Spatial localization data
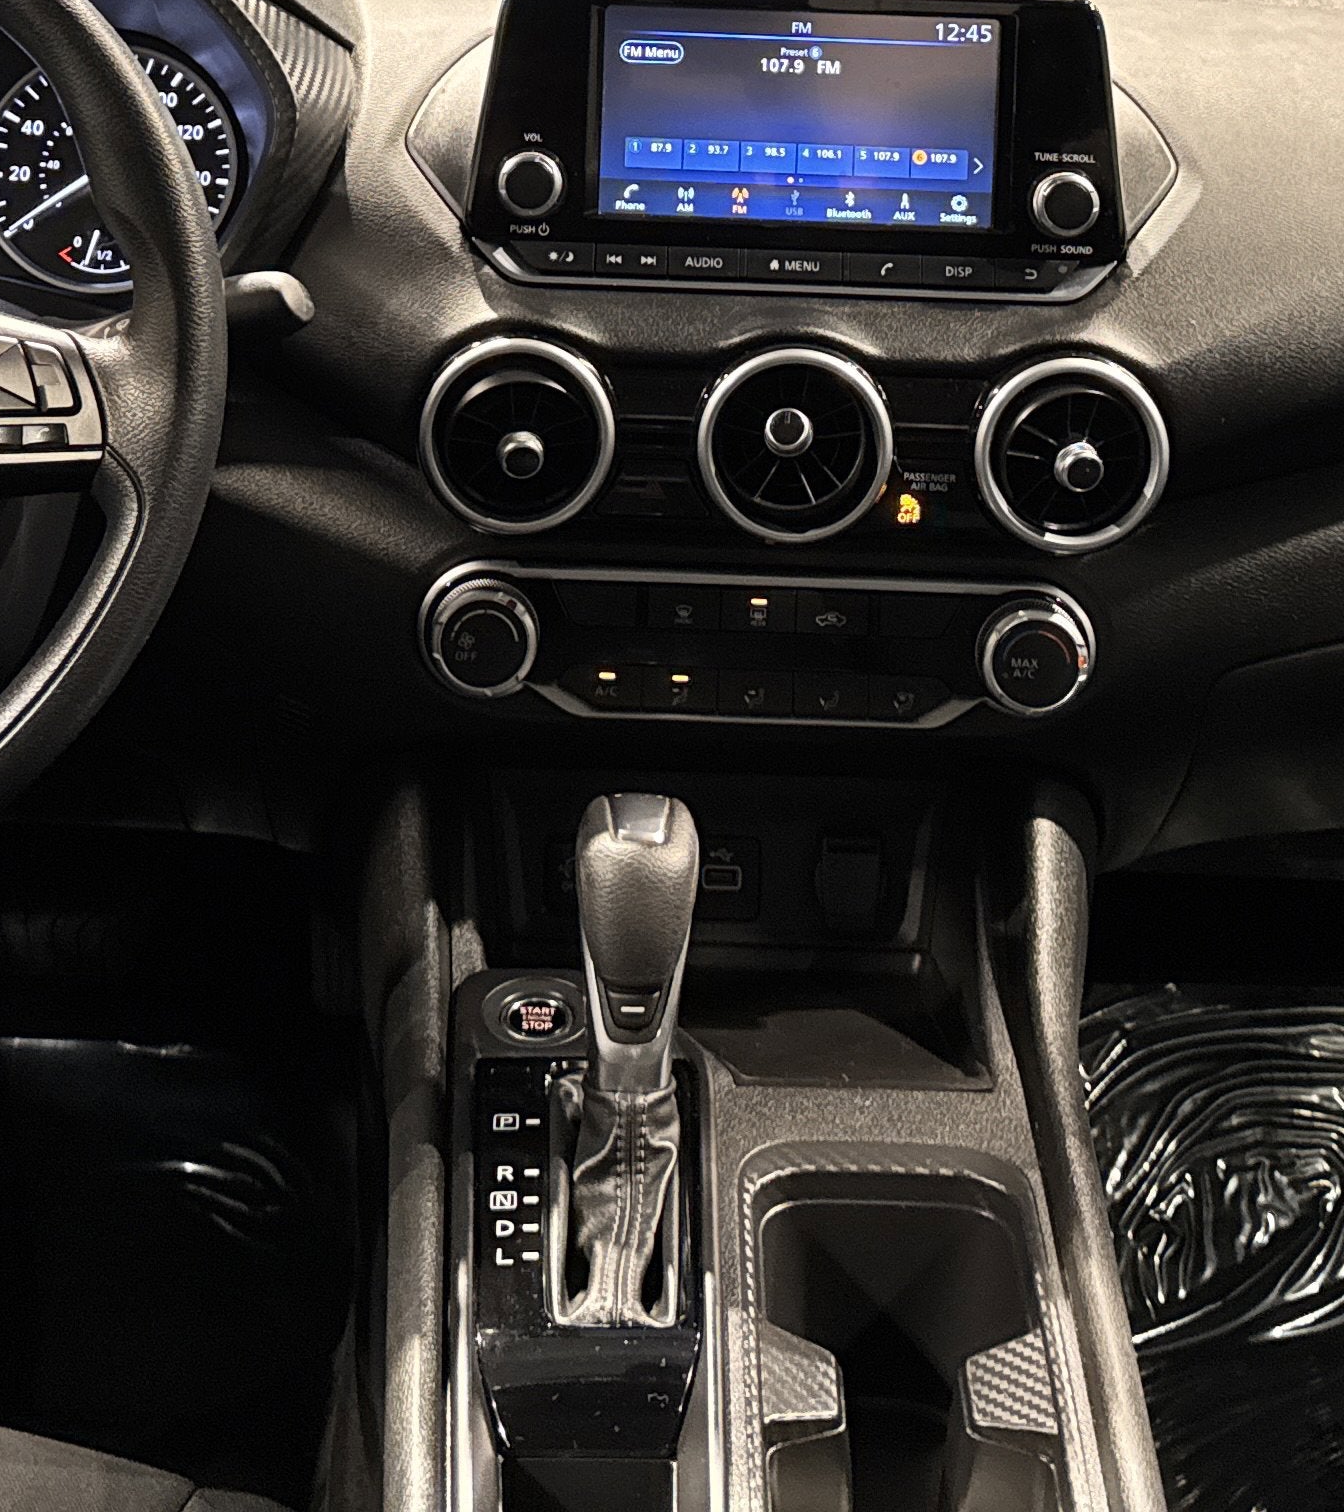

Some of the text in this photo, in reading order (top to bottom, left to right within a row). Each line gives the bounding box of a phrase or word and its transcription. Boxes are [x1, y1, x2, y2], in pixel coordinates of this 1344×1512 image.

[791, 21, 813, 35] FM
[935, 22, 993, 44] 12:45
[623, 45, 679, 59] FM Menu
[780, 47, 808, 58] Preset
[760, 57, 841, 75] 107.9 FM
[20, 119, 45, 137] 40
[523, 132, 543, 143] VOL
[873, 151, 900, 162] 107.9
[8, 165, 31, 183] 20
[614, 199, 646, 212] Phone
[676, 202, 694, 213] AM
[731, 204, 748, 215] FM
[825, 208, 872, 221] Bluetooth
[892, 211, 916, 221] AUX
[939, 212, 977, 226] Settings
[509, 224, 536, 234] PUSH
[1031, 243, 1093, 256] PUSH SOUND
[684, 256, 723, 269] AUDIO
[784, 259, 820, 273] MENU
[945, 265, 973, 278] DISP
[903, 471, 958, 483] PASSENGER
[910, 482, 949, 493] AIR BAG
[896, 512, 921, 525] OFF
[454, 650, 478, 662] OFF
[1010, 657, 1040, 669] MAX
[1012, 668, 1036, 680] A/C
[519, 1005, 557, 1017] START
[521, 1020, 554, 1031] STOP
[497, 1166, 514, 1182] R
[495, 1194, 513, 1207] N
[495, 1219, 515, 1237] D
[496, 1247, 514, 1266] L
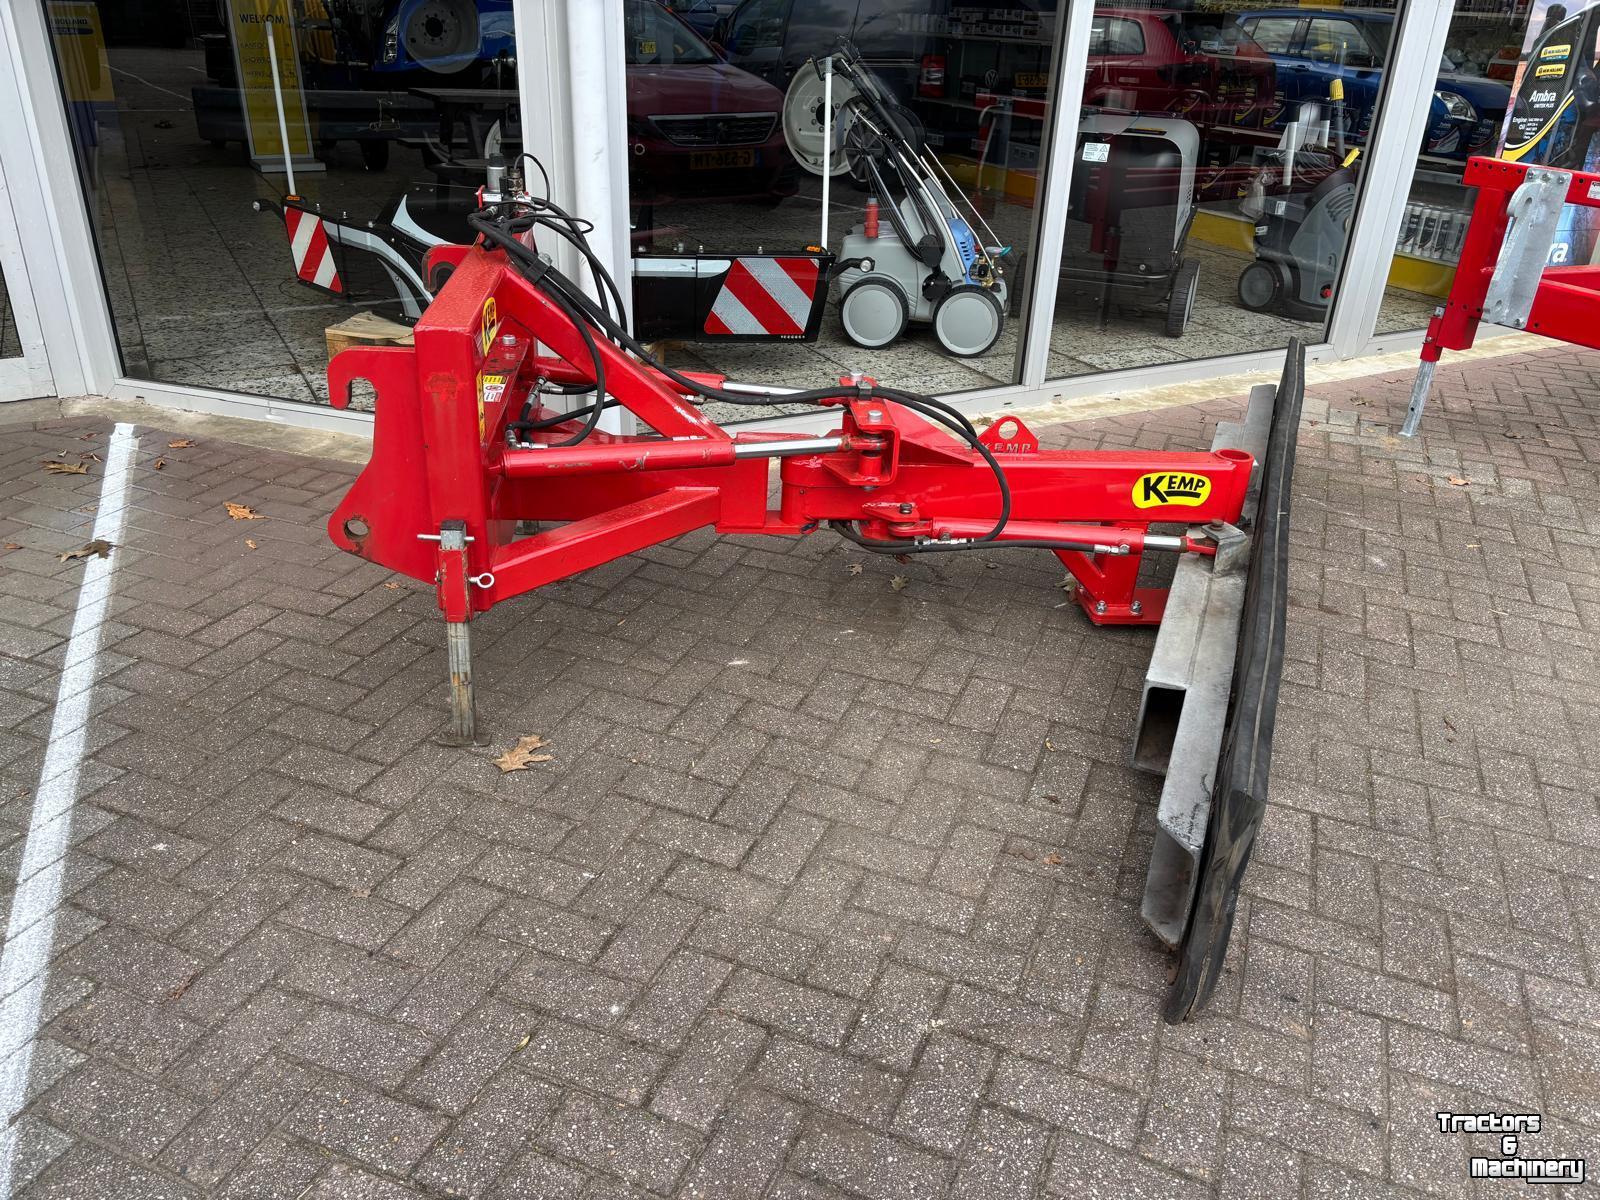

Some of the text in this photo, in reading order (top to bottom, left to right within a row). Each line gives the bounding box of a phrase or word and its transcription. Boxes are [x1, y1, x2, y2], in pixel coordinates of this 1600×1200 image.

[239, 13, 285, 24] WELKOM
[1529, 90, 1557, 102] Ambra
[1512, 116, 1528, 124] Engine
[1143, 475, 1206, 503] KEMP

**WHAT NEEDS TO BE DONE:**
Apart from its pictures, the data is to be repeated exactly.

**WRITTEN SOLUTION:**
Some of the text in this photo, in reading order (top to bottom, left to right within a row). Each line gives the bounding box of a phrase or word and its transcription. Boxes are [x1, y1, x2, y2], in pixel coordinates of this 1344×1512 image.

[791, 21, 813, 35] FM
[935, 22, 993, 44] 12:45
[623, 45, 679, 59] FM Menu
[780, 47, 808, 58] Preset
[760, 57, 841, 75] 107.9 FM
[20, 119, 45, 137] 40
[523, 132, 543, 143] VOL
[873, 151, 900, 162] 107.9
[8, 165, 31, 183] 20
[614, 199, 646, 212] Phone
[676, 202, 694, 213] AM
[731, 204, 748, 215] FM
[825, 208, 872, 221] Bluetooth
[892, 211, 916, 221] AUX
[939, 212, 977, 226] Settings
[509, 224, 536, 234] PUSH
[1031, 243, 1093, 256] PUSH SOUND
[684, 256, 723, 269] AUDIO
[784, 259, 820, 273] MENU
[945, 265, 973, 278] DISP
[903, 471, 958, 483] PASSENGER
[910, 482, 949, 493] AIR BAG
[896, 512, 921, 525] OFF
[454, 650, 478, 662] OFF
[1010, 657, 1040, 669] MAX
[1012, 668, 1036, 680] A/C
[519, 1005, 557, 1017] START
[521, 1020, 554, 1031] STOP
[497, 1166, 514, 1182] R
[495, 1194, 513, 1207] N
[495, 1219, 515, 1237] D
[496, 1247, 514, 1266] L

Some of the text in this photo, in reading order (top to bottom, left to right within a row). Each line gives the bounding box of a phrase or word and its transcription. Boxes are [x1, y1, x2, y2], in pixel coordinates of this 1600×1200 image.

[239, 13, 285, 24] WELKOM
[1529, 90, 1557, 102] Ambra
[1512, 116, 1528, 124] Engine
[1143, 475, 1206, 503] KEMP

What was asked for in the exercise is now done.